Enel is reportedly now just weeks away from unveiling its anticipated US renewable energy assets yieldco.
The company is reportedly not planning on listing the yieldco publicly, though — as such publicly traded entities are monsters “that you have to feed,” as CEO Francesco Starace stated recently in an interview with Bloomberg.
What that means of course, is that companies are put under pressure to continuously add new assets to meet the market’s idea of “growth” — rather than follow a perhaps slower but more intelligent course of development.
As it stands, Enel Green Power SpA owns and operates or is developing renewable energy projects in 21 different US states. These projects encompass various generating modalities, including: solar energy, wind energy, hydroelectric, and geothermal. The anticipated yieldco will reportedly also incorporate a Canadian wind farm.

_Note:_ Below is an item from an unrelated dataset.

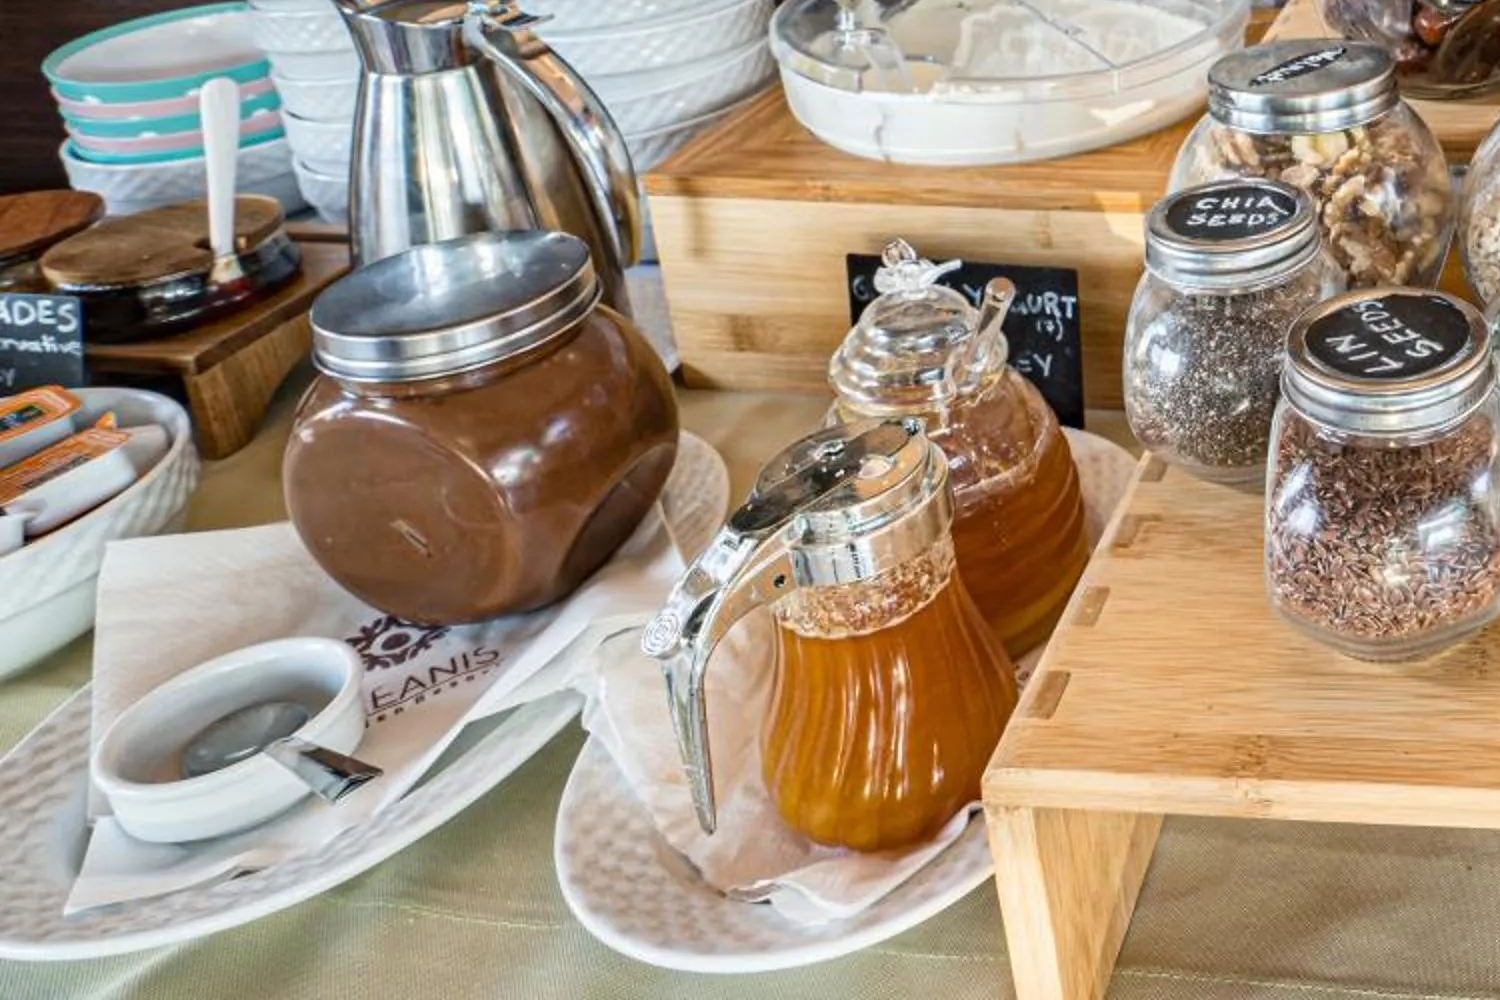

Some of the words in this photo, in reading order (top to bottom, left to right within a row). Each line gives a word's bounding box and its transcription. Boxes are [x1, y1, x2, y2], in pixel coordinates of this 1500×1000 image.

Yieldcos have been becoming somewhat more common in the renewable energy sector in the past year or so, and appear to be mostly successful — SunEdison’s TerraForm Power, for example, has gained more than 26% since formation last year.
As noted in a October 17 report from Moody’s Investors Service: “Yieldcos are especially attractive to renewable energy producers because they offer these usually small and fast growing companies an accessible source of cheap capital to accelerating development while potentially replacing tax equity as tax incentives expire.”
According to Starace, Enel has already garnered significant interest in its yieldco from institutional investors.
“Now is the time to do this,” he stated during the recent interview, referencing the fact that they appear to be “in fashion” currently.
Bloomberg commented in its coverage that, as the “global economy recovers, inflation will rise and the returns from yieldcos will become less attractive in relation to other investments.”
It’s an open question, though, how long it will take for the global economy to “recover” to it’s pre-recession state. While official figures may have largely recovered in many instances, many other markers of economic health and demand are still substantially down. Perhaps these sorts of yieldcos will remain a good choice for some time.